Received 27th March 2026 , Accepted 17th April 2026

First published on 24th April 2026


Abstract

The discovery of stable, lead-free perovskite materials for photovoltaic applications is challenged by the vast chemical space of possible compositions and by the systematic inaccuracies inherent in high-throughput density functional theory (DFT) calculations. In particular, widely used semi-local functionals such as PBE are known to underestimate band gaps, while data-driven screening workflows often treat all machine learning predictions as equally reliable. In this work, we present an uncertainty-aware active learning framework for the screening of lead-free halide perovskites that explicitly distinguishes between reliable predictions and regions of limited model knowledge. By expanding the search space beyond ideal cubic perovskites to include distorted, vacancy-ordered, and mixed-anion structures, we intentionally address a more realistic and challenging materials landscape. An ensemble regression model is employed to predict DFT band gaps while quantifying epistemic uncertainty arising from data sparsity and model disagreement. To correct the systematic bias of PBE-calculated band gaps, we introduce a statistically validated, stratified PBE-to-experiment calibration scheme based on experimentally characterized benchmark compounds. This calibration aligns theoretical predictions with experimental trends without artificially improving predictive accuracy. The resulting screening reveals recurring patterns in candidate selection, including the frequent emergence of heavy d-electron halides, which we identify as potential false positives arising from functional limitations and feature-level abstractions. Rather than claiming definitive material discoveries, this study demonstrates how uncertainty quantification and active learning can be used to expose blind spots in conventional screening pipelines and to prioritize materials for higher-fidelity electronic structure calculations. The proposed framework provides a principled strategy for allocating computational and experimental resources in the search for lead-free perovskite photovoltaics.


1. Introduction

1.1 Lead-free perovskites and the limits of conventional screening

Metal halide perovskites have rapidly emerged as one of the most promising classes of photovoltaic materials, achieving power conversion efficiencies exceeding 26% within a decade of development.1 Their exceptional optoelectronic properties, combined with low-cost solution processability, have positioned them as strong contenders to complement or replace conventional silicon-based technologies. However, the most efficient perovskite absorbers rely almost exclusively on lead-based compositions, raising significant concerns regarding toxicity, environmental impact, and long-term regulatory compliance.2

Efforts to replace lead have led to the exploration of a broad range of alternative chemistries, including tin-, germanium-, bismuth-, and antimony-based compounds, as well as double perovskites and vacancy-ordered derivatives.3 While these substitutions alleviate toxicity concerns, they dramatically expand the accessible chemical and structural space.4 Beyond ideal cubic phases, real lead-free perovskites often exhibit octahedral distortions, reduced dimensionality, mixed anions, or ordered vacancies, all of which complicate both theoretical modeling and experimental validation.5

High-throughput DFT calculations have become a cornerstone of materials discovery in this context, enabling rapid evaluation of thousands of candidate compounds. However, the sheer size of the search space, combined with the computational cost of accurate electronic structure methods, necessitates the use of approximate functionals and simplified screening criteria. As a result, many screening pipelines operate at the edge of their physical validity.

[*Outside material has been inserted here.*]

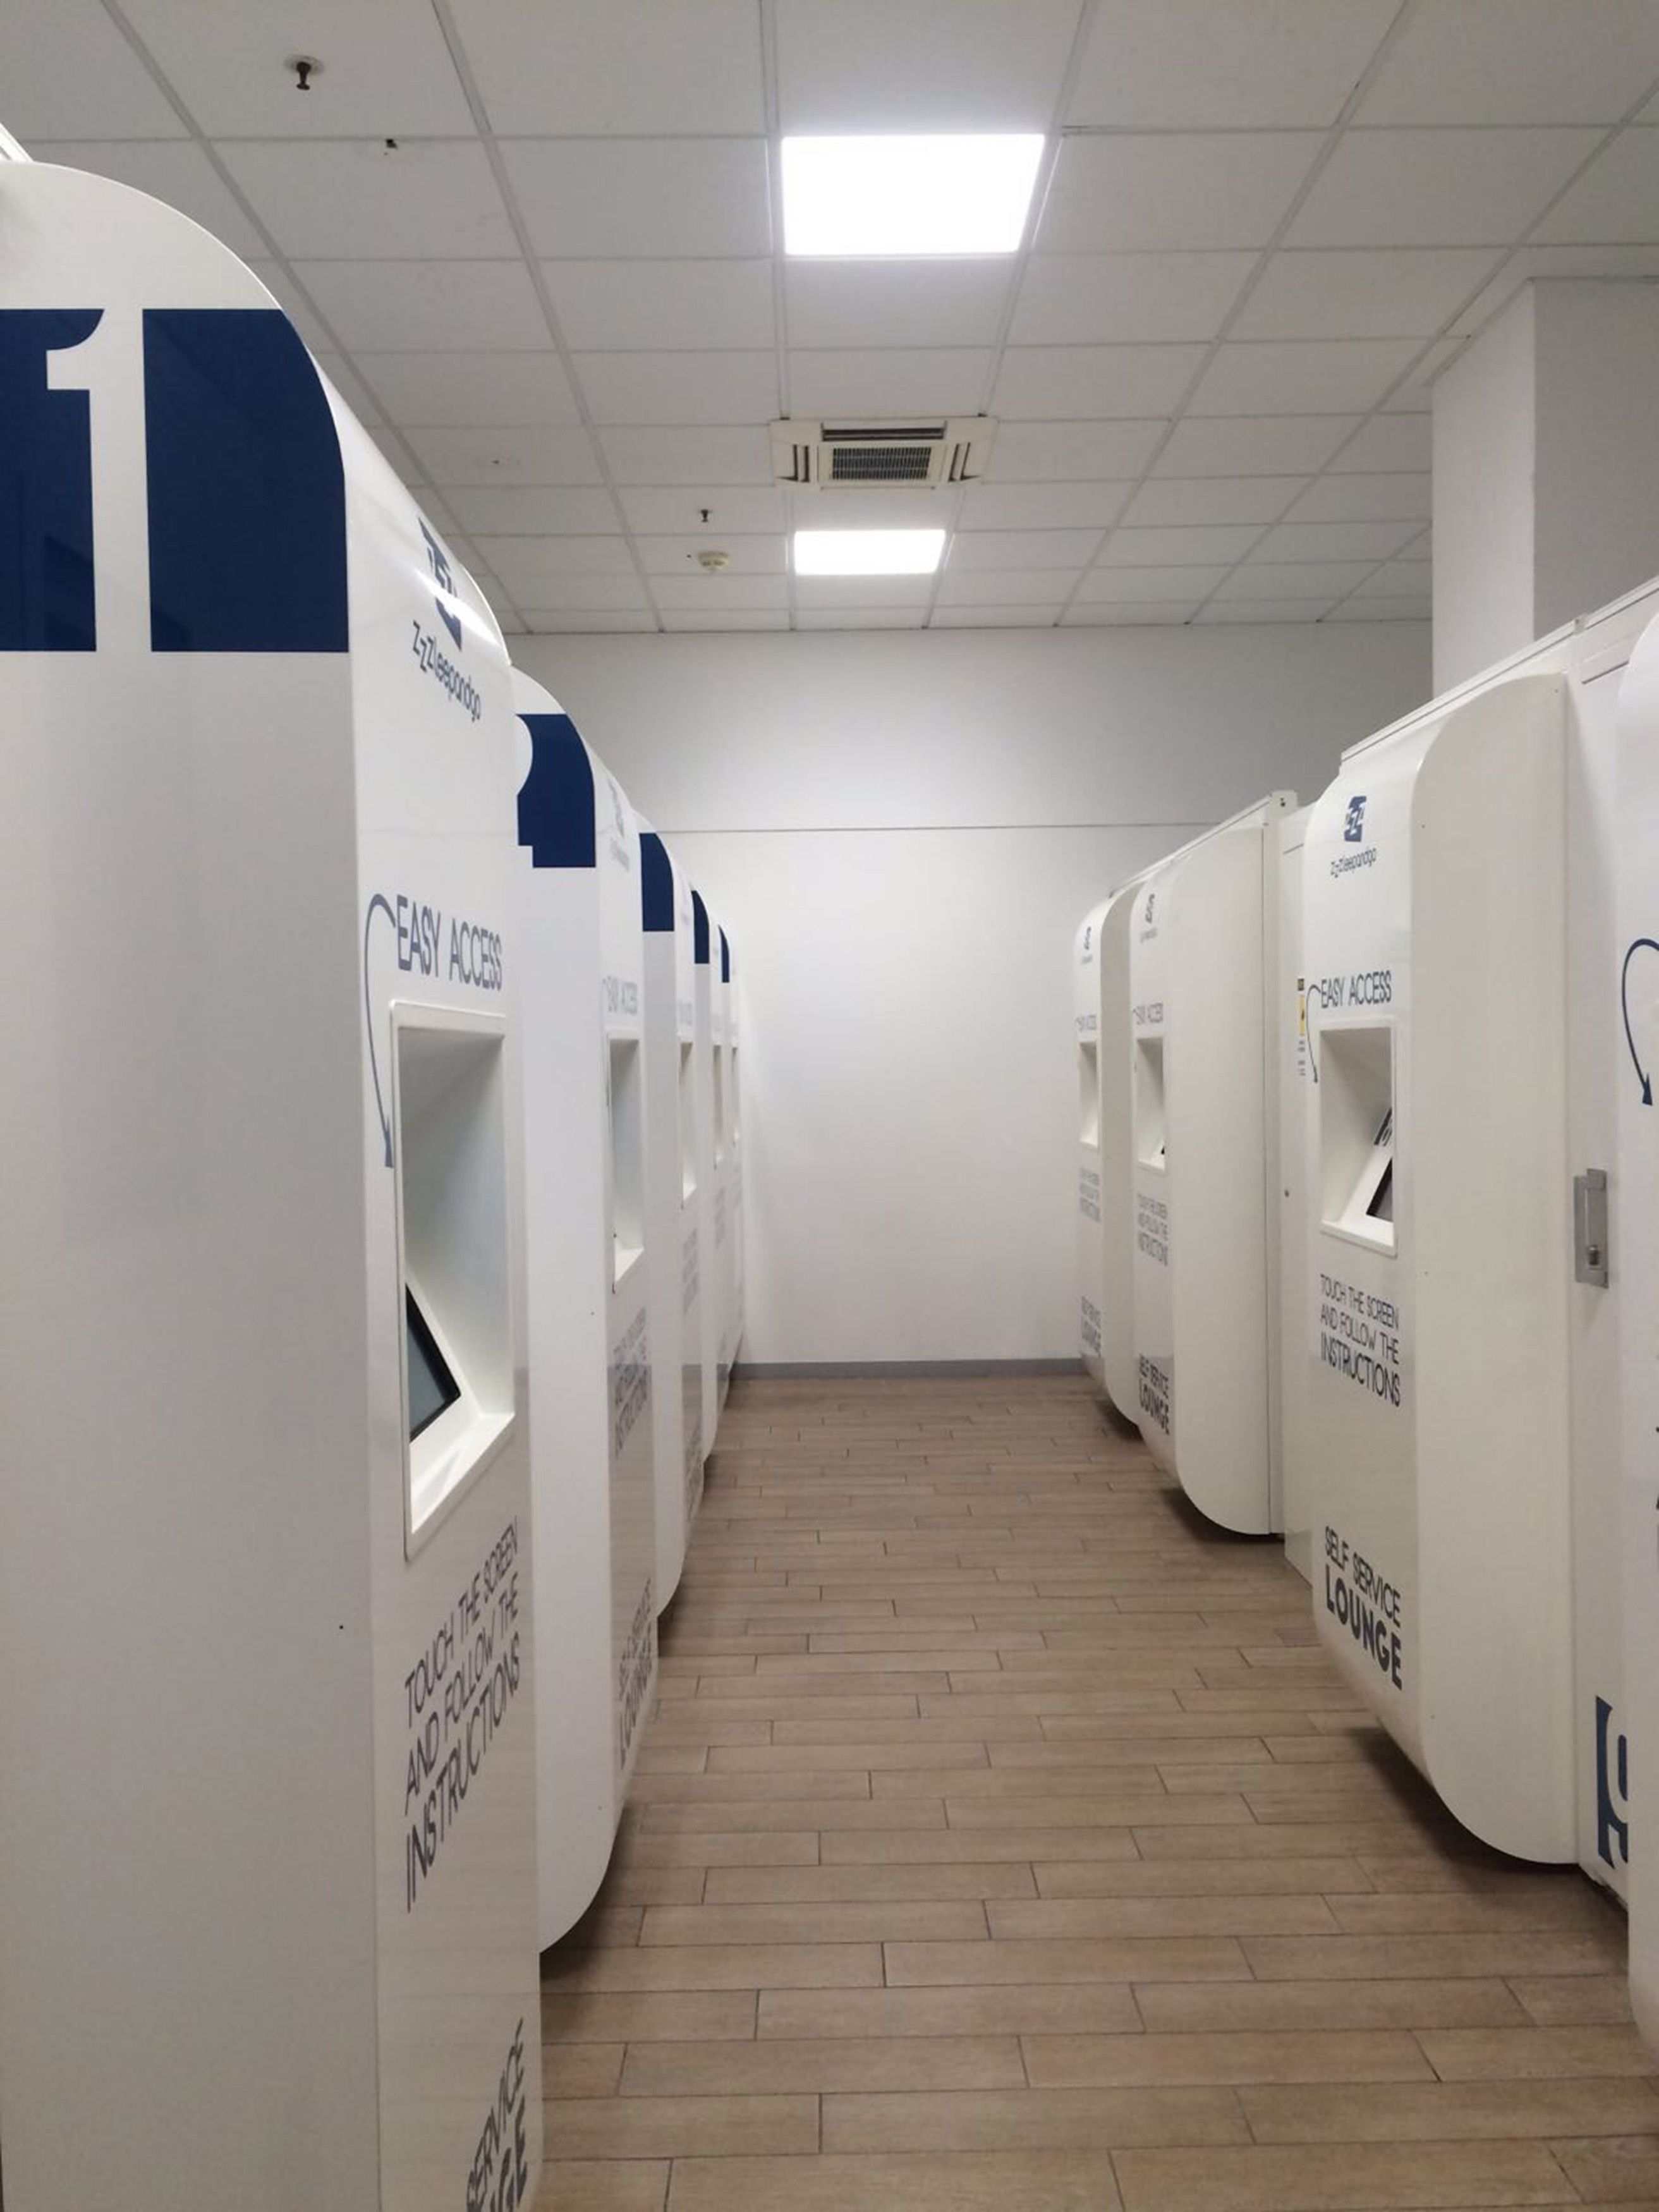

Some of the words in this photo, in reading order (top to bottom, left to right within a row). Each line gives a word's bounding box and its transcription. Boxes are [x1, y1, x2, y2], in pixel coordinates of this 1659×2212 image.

1.2 Systematic errors and overconfidence in data-driven workflows

A critical limitation of high-throughput screening is the systematic underestimation of band gaps by semi-local DFT functionals such as PBE.6 This bias is not random but highly structured, depending on chemical composition, orbital character, and the presence of heavy elements where spin–orbit coupling plays a dominant role.7 While this issue is widely recognized, many screening studies implicitly assume that relative trends remain meaningful, or that machine learning models trained on DFT data can compensate for these deficiencies.

Machine learning has indeed demonstrated remarkable success in accelerating materials discovery by learning nonlinear relationships between composition and target properties. However, most composition-based models lack explicit information about local coordination, orbital hybridization, or symmetry-driven selection rules.8 Consequently, these models may produce predictions that appear numerically reasonable while being physically misleading. More importantly, conventional screening workflows often lack mechanisms to identify when a prediction is unreliable due to data sparsity or extrapolation beyond the training domain.

In such cases, failure does not manifest as large random errors but as confidently wrong predictions. This overconfidence is particularly problematic in expanded chemical spaces, where novel bonding motifs or electronic structures are poorly represented in existing datasets. Without explicit uncertainty quantification, these blind spots remain hidden and can systematically bias candidate selection.

1.3 Motivation and scope of this work

The central motivation of this study is not to identify a single “optimal” lead-free perovskite absorber, but to develop a screening framework that explicitly acknowledges and manages uncertainty. We argue that, in realistic materials discovery workflows, the ability to distinguish between reliable predictions and speculative regions of chemical space is as important as predictive accuracy itself.9

To this end, we construct an uncertainty-aware active learning pipeline that combines ensemble machine learning, systematic DFT-to-experiment calibration, and physics-informed screening criteria. By deliberately expanding the search space beyond high-symmetry cubic perovskites, we expose the limits of conventional composition-based models and investigate how these limits manifest in large-scale screening results.

The contributions of this work are threefold. First, we demonstrate how ensemble-derived epistemic uncertainty can be used as a diagnostic tool to identify regions of chemical space where model predictions are inherently unreliable. Second, we introduce a data-driven calibration strategy that corrects systematic DFT bias without conflating calibration with improved predictive power. Third, we show how active learning can guide the prioritization of high-fidelity electronic structure calculations, transforming apparent screening failures into actionable insight.

2. Methodology

2.1 Data acquisition and physics-based filtering

The initial materials dataset was obtained from the Materials Project database using the Materials Project API (v2024). To focus on lead-free halide perovskites while avoiding overly restrictive assumptions, we applied a set of chemistry- and stoichiometry-based filters rather than enforcing idealized crystallographic symmetry.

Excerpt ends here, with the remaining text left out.